## Assignment
Return the line containing "this 1600×739 image." and every line after it through the end of the entries below, with no other lines.

## Input records
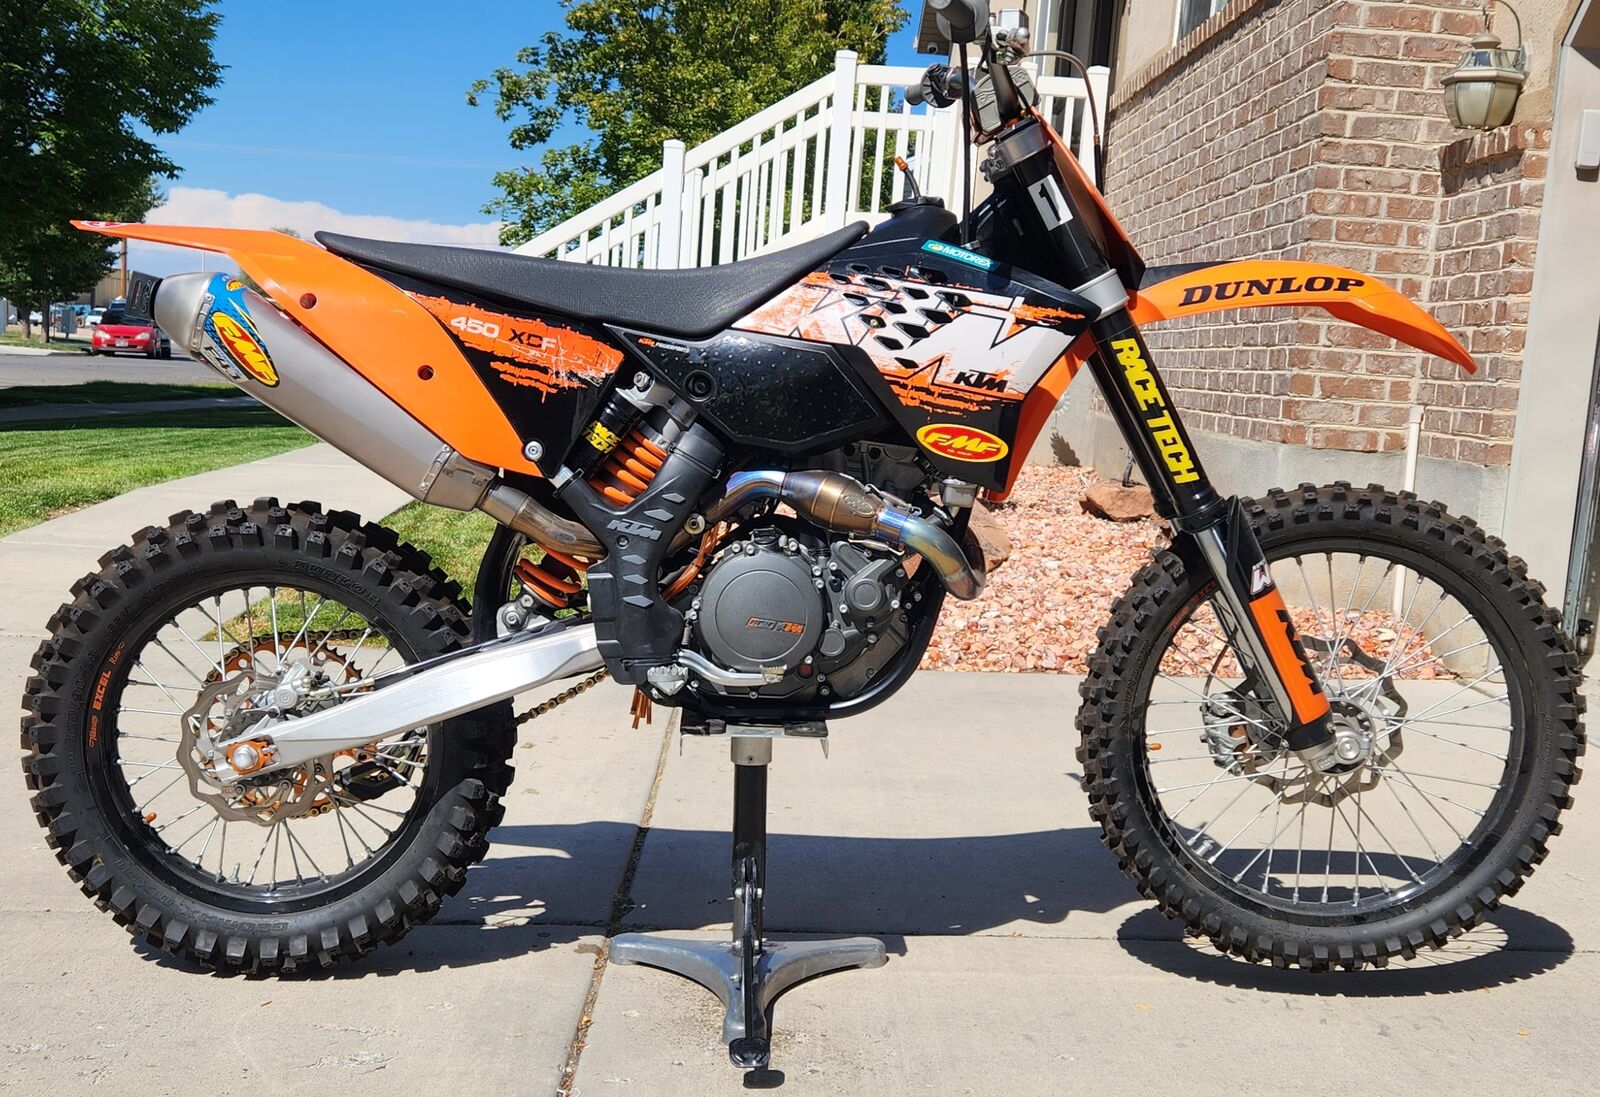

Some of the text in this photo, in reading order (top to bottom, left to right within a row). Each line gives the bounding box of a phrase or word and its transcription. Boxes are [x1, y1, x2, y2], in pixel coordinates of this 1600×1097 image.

[1038, 182, 1061, 223] 1
[942, 246, 994, 269] MOTOREX
[1178, 276, 1365, 307] DUNLOP
[450, 315, 557, 351] 450 XCF
[953, 369, 1008, 393] KTM
[1110, 338, 1200, 484] RACE TECH
[924, 432, 1001, 453] FMF
[607, 518, 662, 541] KTM
[92, 669, 112, 711] EXCEL
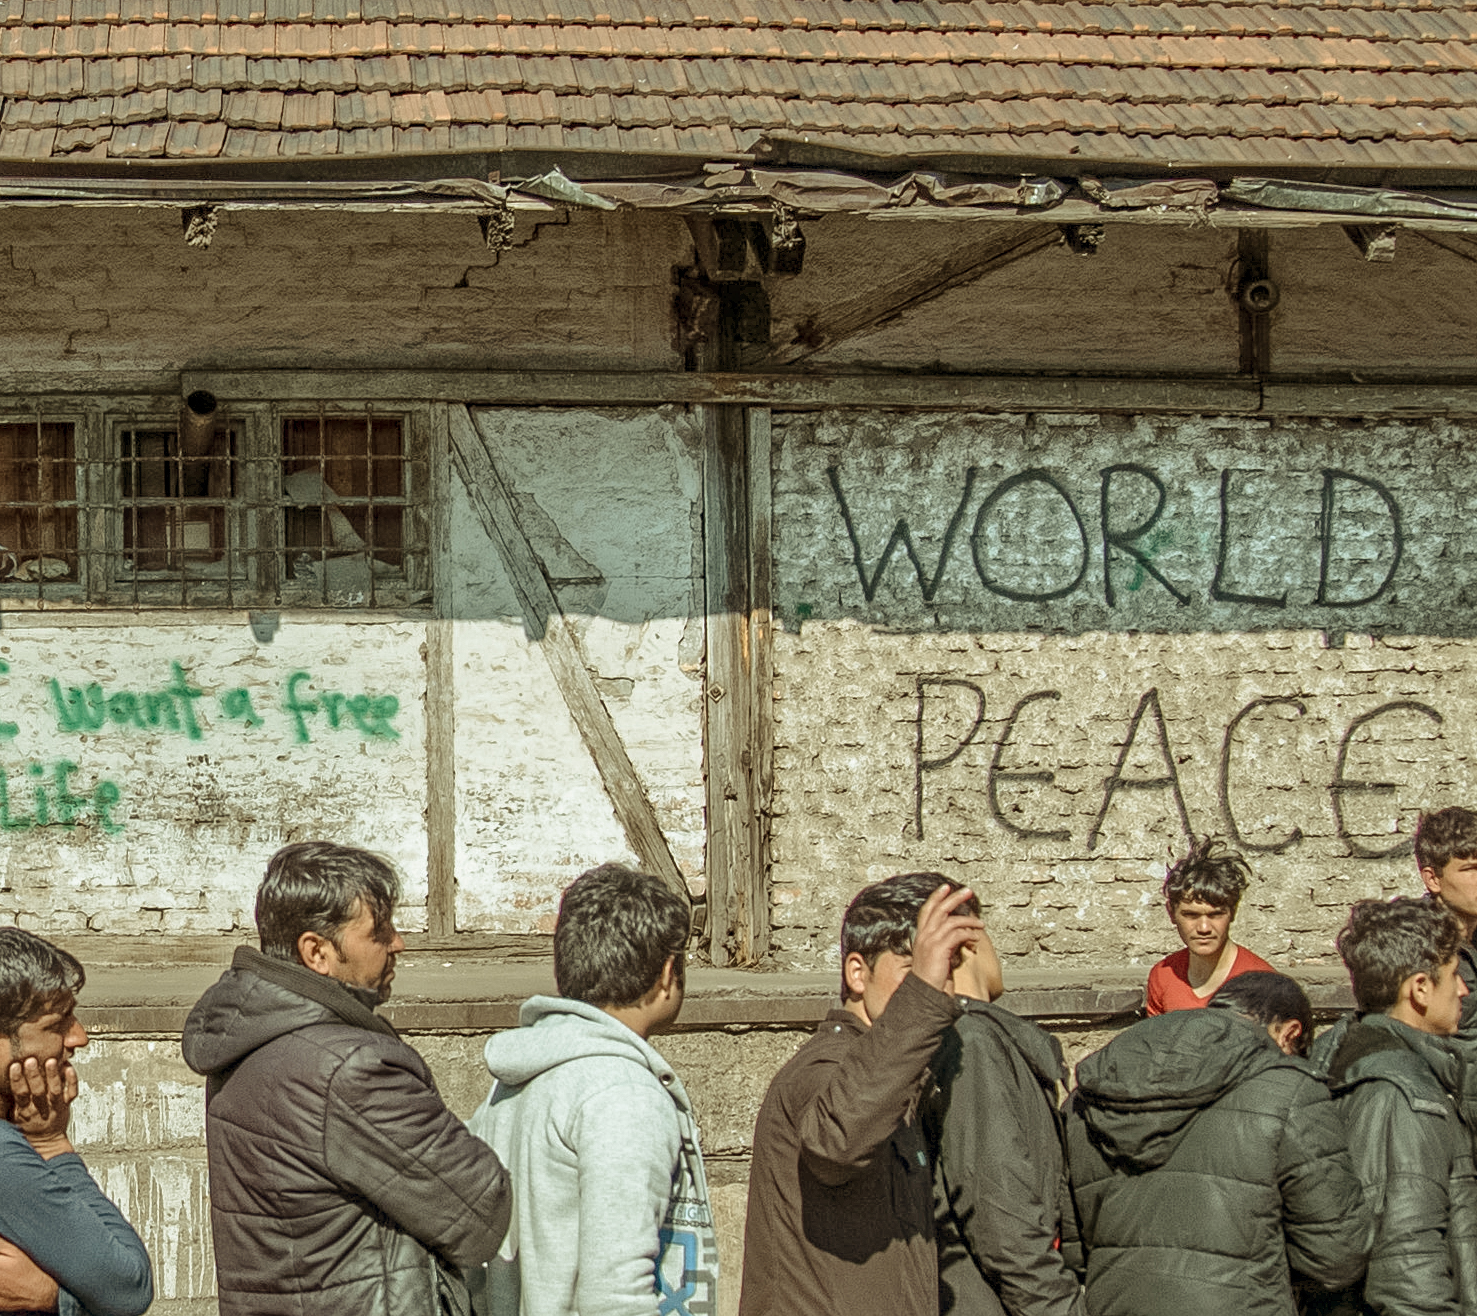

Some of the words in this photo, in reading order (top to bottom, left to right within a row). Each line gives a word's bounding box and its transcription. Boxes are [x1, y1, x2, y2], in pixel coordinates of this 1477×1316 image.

[827, 464, 1402, 607] WORLD
[219, 688, 264, 728] a
[284, 672, 401, 743] free
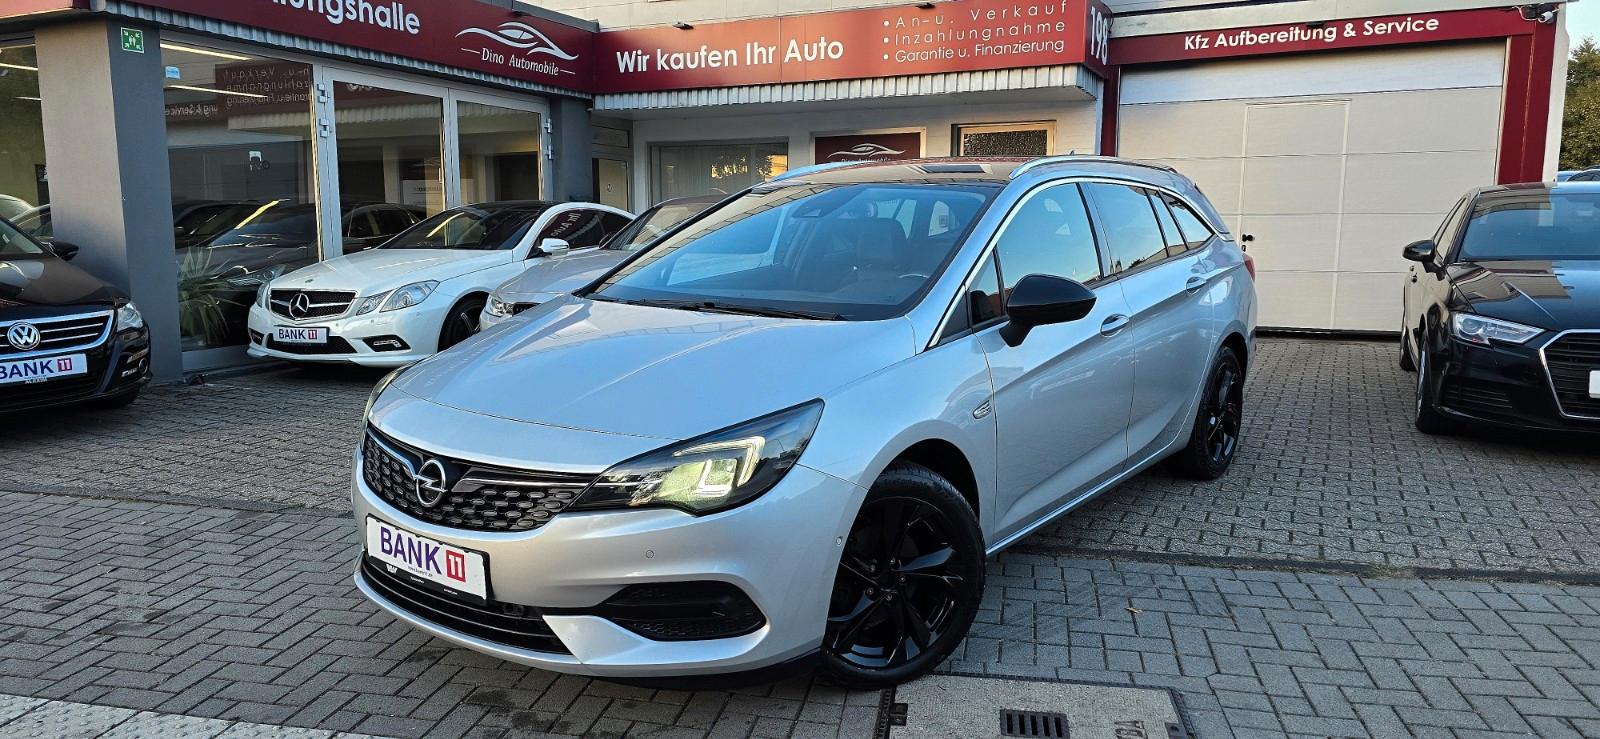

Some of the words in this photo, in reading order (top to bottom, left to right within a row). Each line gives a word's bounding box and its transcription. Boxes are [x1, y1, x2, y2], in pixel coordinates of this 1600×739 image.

[273, 0, 420, 34] ngshalle
[970, 1, 1066, 21] Verkauf
[896, 21, 1065, 45] Inzahlungnahme
[1090, 6, 1108, 65] 198
[1184, 35, 1209, 50] Kfz
[1214, 25, 1337, 49] Aufbereitung
[1343, 22, 1356, 37] &
[1363, 16, 1439, 36] Service
[482, 47, 505, 65] Dino
[508, 54, 559, 76] Automobile
[616, 49, 650, 73] Wir
[657, 45, 738, 71] kaufen
[746, 42, 776, 65] Ihr
[784, 36, 844, 62] Auto
[896, 47, 954, 63] Garantie
[958, 49, 970, 58] u.
[975, 39, 1064, 58] Finanzierung
[279, 329, 306, 340] BANK
[308, 330, 317, 339] 11
[0, 360, 54, 379] BANK
[58, 359, 72, 372] 11
[380, 526, 442, 575] BANK
[447, 553, 464, 580] 11

## Result of the exercise
Some of the words in this photo, in reading order (top to bottom, left to right within a row). Each line gives a word's bounding box and its transcription. Boxes are [x1, y1, x2, y2], in pixel coordinates of this 1600×739 image.

[273, 0, 420, 34] ngshalle
[970, 1, 1066, 21] Verkauf
[896, 21, 1065, 45] Inzahlungnahme
[1090, 6, 1108, 65] 198
[1184, 35, 1209, 50] Kfz
[1214, 25, 1337, 49] Aufbereitung
[1343, 22, 1356, 37] &
[1363, 16, 1439, 36] Service
[482, 47, 505, 65] Dino
[508, 54, 559, 76] Automobile
[616, 49, 650, 73] Wir
[657, 45, 738, 71] kaufen
[746, 42, 776, 65] Ihr
[784, 36, 844, 62] Auto
[896, 47, 954, 63] Garantie
[958, 49, 970, 58] u.
[975, 39, 1064, 58] Finanzierung
[279, 329, 306, 340] BANK
[308, 330, 317, 339] 11
[0, 360, 54, 379] BANK
[58, 359, 72, 372] 11
[380, 526, 442, 575] BANK
[447, 553, 464, 580] 11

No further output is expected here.